Por fortuna, nada puede desfigurar la belleza de un barco. Esa sensación de mazmorra, esa sensación de horrible y degradante infortunio abatiéndose sobre una criatura de hermoso aspecto y digna de toda confianza, está tan sólo vinculada a los barcos amarrados en las dársenas de los grandes puertos europeos. Siente uno que se los ha encerrado poco honradamente, para hostigarlos de muelle en muelle a través de una oscura, grasienta, cuadrada charca de agua negra, como brutal recompensa al término de un leal viaje.
Un barco anclado en una rada abierta, con gabarras de carga al lado y su propio aparejo de fuerza columpiando el cargamento sobre la regala, está cumpliendo, en libertad, una de sus funciones vitales.
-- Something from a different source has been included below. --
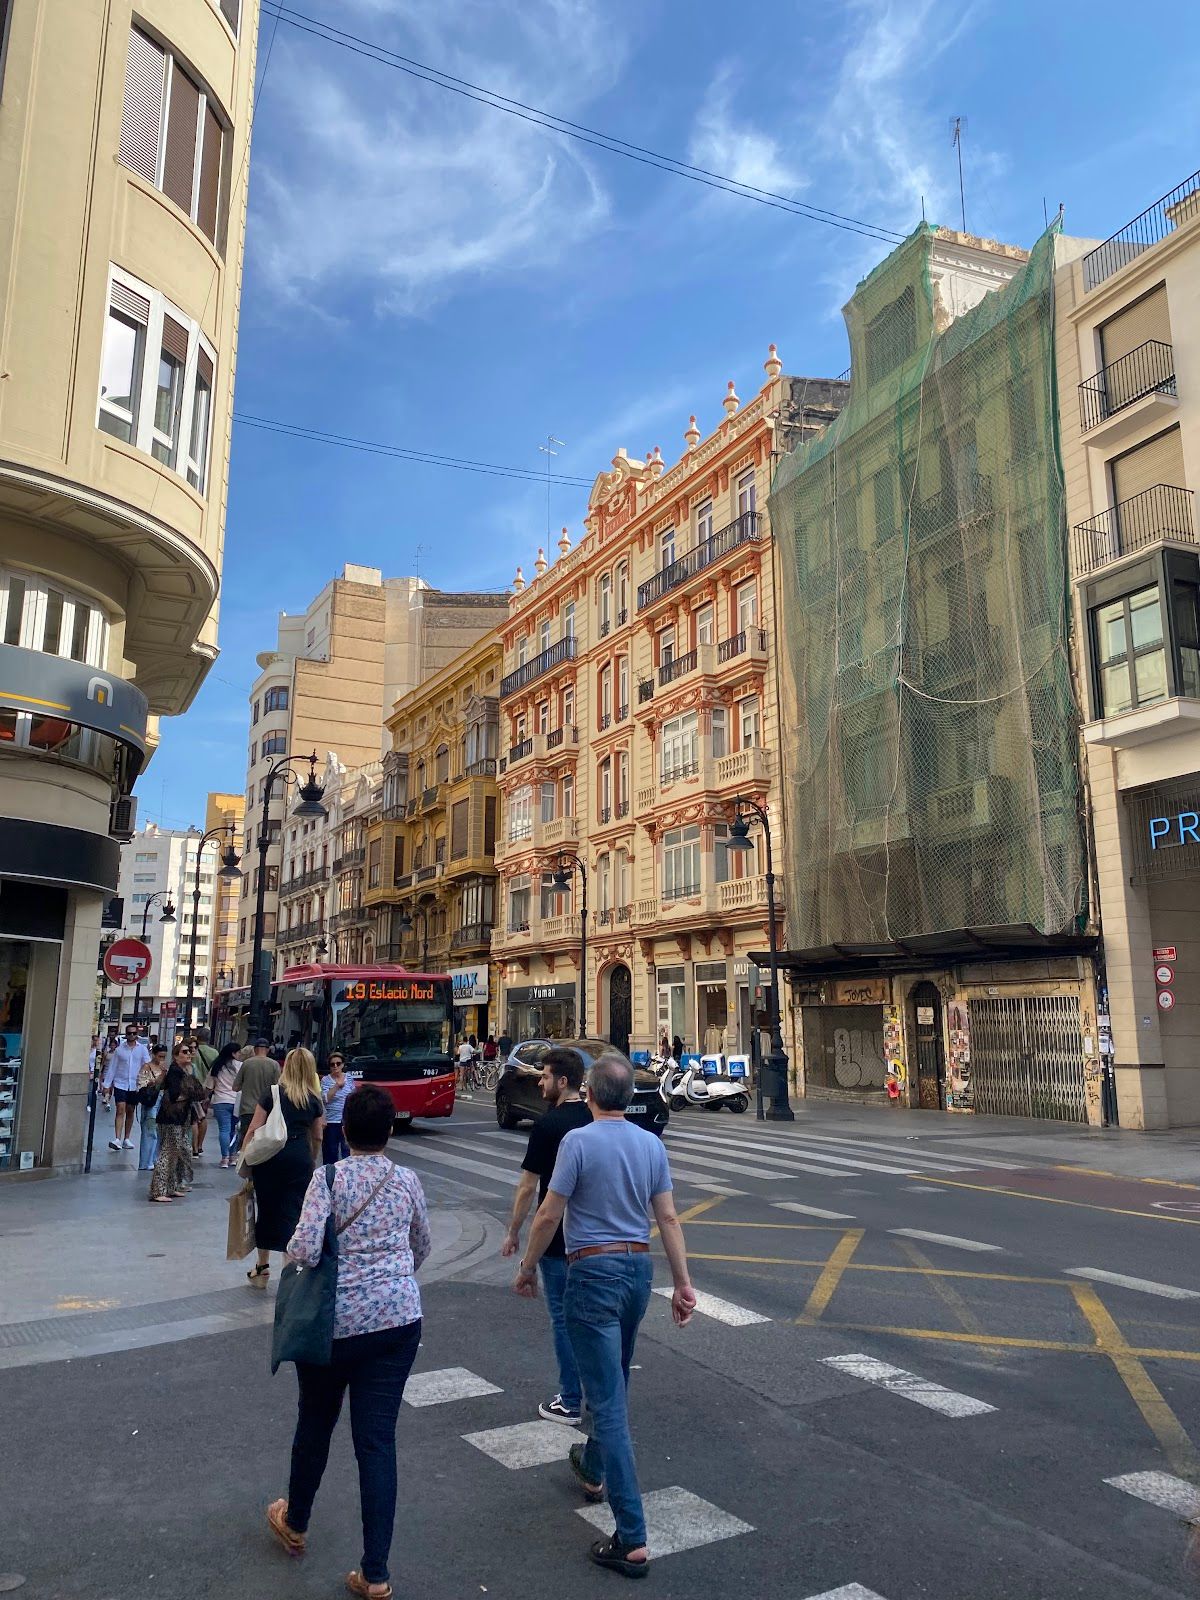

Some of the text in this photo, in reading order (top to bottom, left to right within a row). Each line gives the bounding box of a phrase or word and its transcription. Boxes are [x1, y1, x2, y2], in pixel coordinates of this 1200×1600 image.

[346, 983, 366, 999] 19
[411, 983, 434, 999] Nord
[533, 987, 556, 998] Yuman
No hay reclusión; hay espacio: agua clara alrededor, y un cielo despejado por encima de sus topes, con un paisaje de verdes colinas y encantadoras bahías entendiéndose en torno a su ancladero. No ha sido abandonado por sus propios hombres a las frágiles mercedes de la gente de tierra. Aún ampara a su pequeña banda de devotos, que cuidan de él, y uno siente que de un momento a otro va a deslizarse por entre los promontorios y desaparecer. Es sólo en casa, en la dársena, donde yace abandonado, apartado de la libertad por todos los artificios de los hombres que sólo piensan en una rápida expedición y en fletes lucrativos. Es sólo entonces cuando las odiosas sombras rectangulares de muros y tejados caen sobre sus cubiertas con lluvias de hollín.
Para quien no haya visto nunca las extraordinarias nobleza, fuerza y gracia que las afanosas generaciones de constructores de buques han desarrollado a partir de algunos recovecos puros de sus sencillas almas, la visión que hace veinticinco años podía contemplarse de una enorme flota de clíperes amarrados a lo largo del lado norte de la Nueva Dársena del Sur era un espectáculo inspirador. Ocupaban por entonces, desde las puertas de hierro del arsenal, custodiadas por policías, un cuarto de milla, en una larga, embosquecida perspectiva de mástiles, amarrados de dos en dos a numerosos y sólidos pantalanes.
Sus palos achataban con su altura los depósitos de chapa ondulada, sus botalones de foque llegaban hasta mucho más allá de la orilla, sus mascarones de proa blancos y dorados, casi deslumbrantes en su pureza, sobresalían por encima del largo muelle recto, a salvo del barro y la porquería del borde del atracadero, con las figuras de atareados grupos de hombres indiferenciados yendo de un lado para otro, inquietos y mugrientos bajo su levitante inmovilidad.
A la hora de la marea uno veía desprenderse de las filas a uno de los barcos ya cargados, con las escotillas aseguradas mediante listones, y salir flotando al espacio abierto de la dársena, sujeto por cabos oscuros y delgados, como los primeros hilos de una telaraña, que se extendían desde sus amuras y aletas hasta los postes de amarre de la orilla. Allí, elegante e inmóvil, como un ave dispuesta a desplegar las alas, aguardaba hasta que, al abrirse las puertas, un remolcador o dos entraban apresurada y ruidosamente, revoloteando en torno a él con aire solícito y alborotado, y lo sacaban al río, atendiéndolo, escoltándolo a través de puentes abiertos, a través de puertas que parecían ataguías entre los planos espigones con un poco de césped verde rodeado de grava y un blanco mástil de señales, con verga y cangrejo, que enarbolaba un par de desteñidas banderas azules, rojas o blancas.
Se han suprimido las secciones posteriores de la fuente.